GPU node health checks integrated into Azure Kubernetes service via node problem detector
Published Jun 27 2024 01:23 PM 2,475 Views
Microsoft

CormacGarvey_0-1719504295943.png

 

 

Introduction

Large AI model training can take months to complete on very large AI supercomputers. These AI supercomputers consist of many high-end GPU’s (e.g NVIDIA A100 or H100) all connected with InfiniBand. The Azure NDv5 has 8 H100 GPU’s, each connected directly by NVlink 4 (on a node) and each GPU has a 400 Gbps IB link that enables it to communicate with all the other GPU’s on the AI Supercomputer.

AI model training workloads are tightly coupled, at regular intervals all the gradients need to be updated using NCCL collective communication. If any of the gpus or InfiniBand links fail (e.g. dropped GPU, InfiniBand link flap etc) this can cause the complete job to terminate (and require it to be restarted from the last checkpoint). It is imperative that any unhealthy nodes/IB fabric be identified to prevent them being included in any of the nodes used in the training job.

The Azurehpc node health repository provides a suite of recommended node health checks for all Azure specialized SKU’s (including GPU’s). In this blog post we will show how to integrate a few of the GPU node health checks into AKS (Azure kubernetes service) in such a way that

  • GPU node health checks are run at regular intervals.
  • Nodes which fail any of the GPU tests will be automatically cordoned off (to prevent any jobs being scheduled on them) and optionally drained (all pods removed from node)

We will be leveraging Node problem detector (NPD) to run the specific GPU node health checks and draino to cordon/drain any nodes that fail any of the GPU node health checks.

 

Screenshot 2024-06-27 105536.png

 

GPU node health check integration into NPD

NPD is commonly used in K8s environments to run various k8s cluster health checks and report any issues via k8s events/conditions to k8s api server. The k8s cluster can then take some action depending on how serious the condition is (e.g. for some permanent conditions, the node may be cordoned off and drained).
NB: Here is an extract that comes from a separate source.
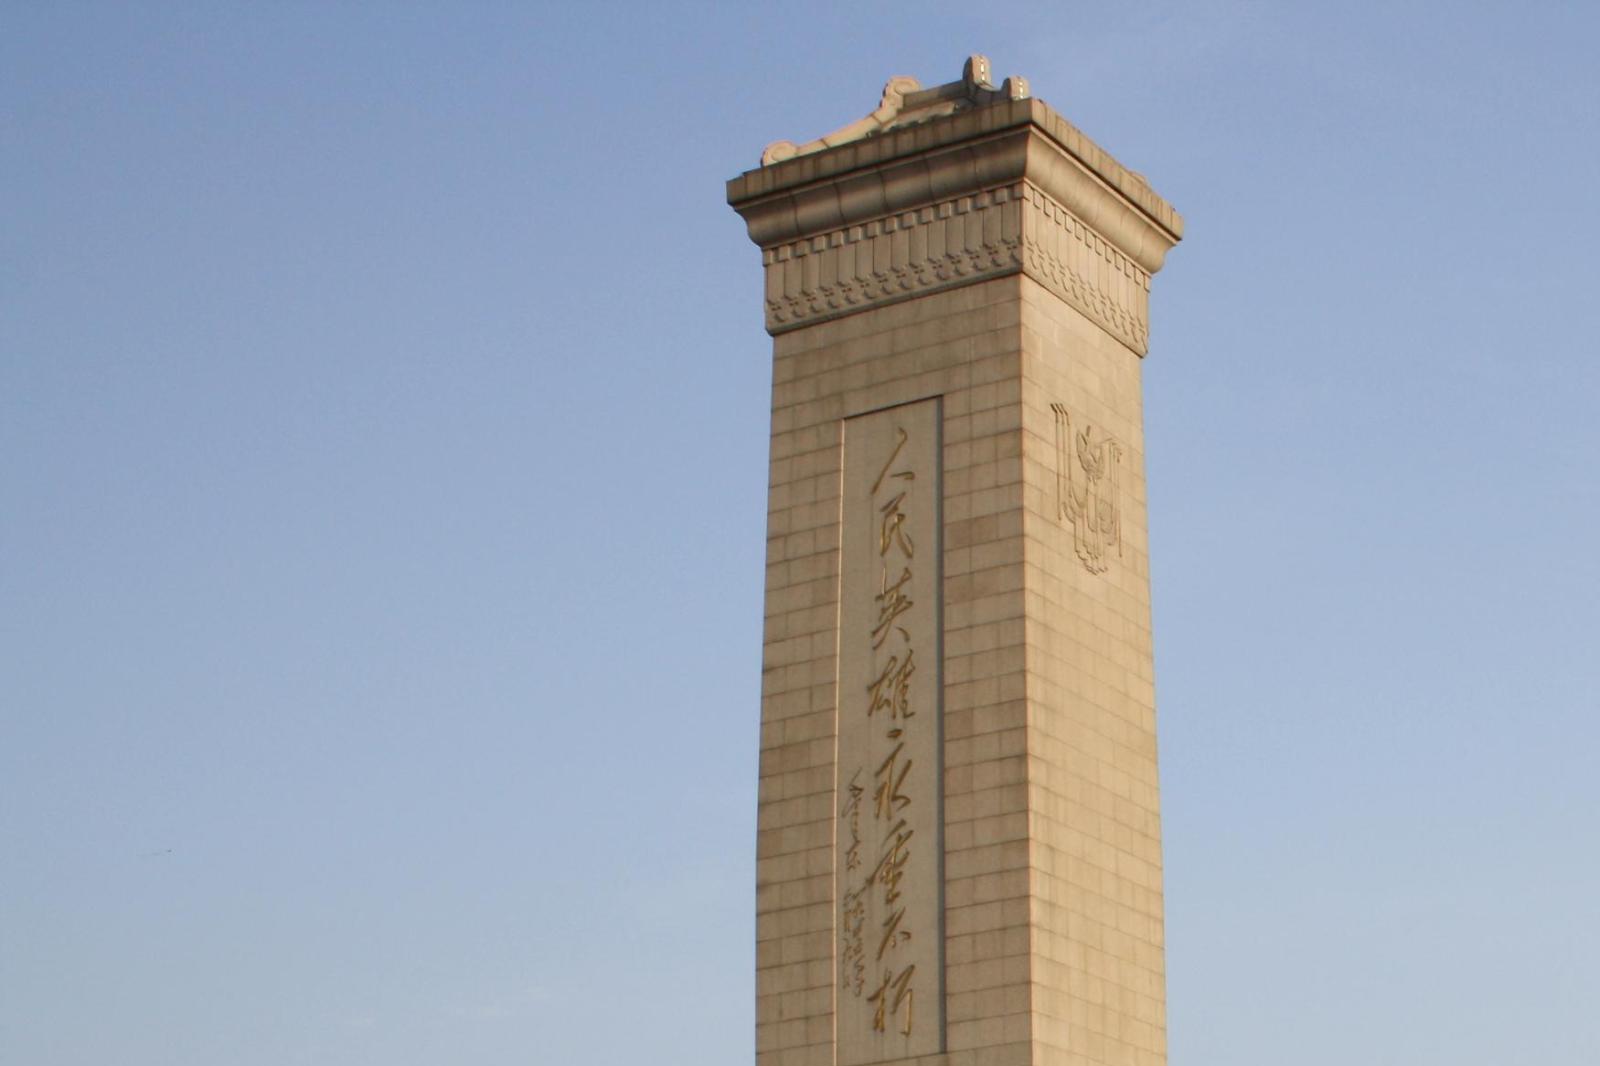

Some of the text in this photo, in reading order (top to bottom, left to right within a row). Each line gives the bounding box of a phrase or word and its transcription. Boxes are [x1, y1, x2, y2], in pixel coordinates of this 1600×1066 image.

[865, 426, 916, 1037] 人民英雄永垂不朽
We will leverage the NPD custom plugin

 

Note: GPU count, GPU NVlink, GPU XID and GPU ECC health checks are included (other GPU node health checks can also be easily included).

 

Get the NPD github repository

git clone http://github.com/kubernetes/node-proble-detector.git

 

Edit the NPD Makefile (get modified file here)

  • Build for linux_amd64 only (not ARM)

         LINUX_PLATFORMS=linux_amd64

         DOCKER_PLATFORMS=linux/amd64

  • Provide a unique tag

                TAG?=$(VERSION)_<UNIQUE NUMBER>

  • Change registry to Azure ACR

                  REGISTRY?=<YOUR ACR>.azurecr.io/k8s-staging-npd

  • Change the BASEIMAGE

                 BASEIMAGE:=nvcr.io/nvidia/pytorch:23.03-py3

 

Edit NPD Dockerfile (get modified file here)

  • Change base container

                FROM nvcr.io/nvidia/pytorch:23.03-py3 as builder-base

  • Install golang in container

                COPY go1.22.4.linux-amd64.tar.gz .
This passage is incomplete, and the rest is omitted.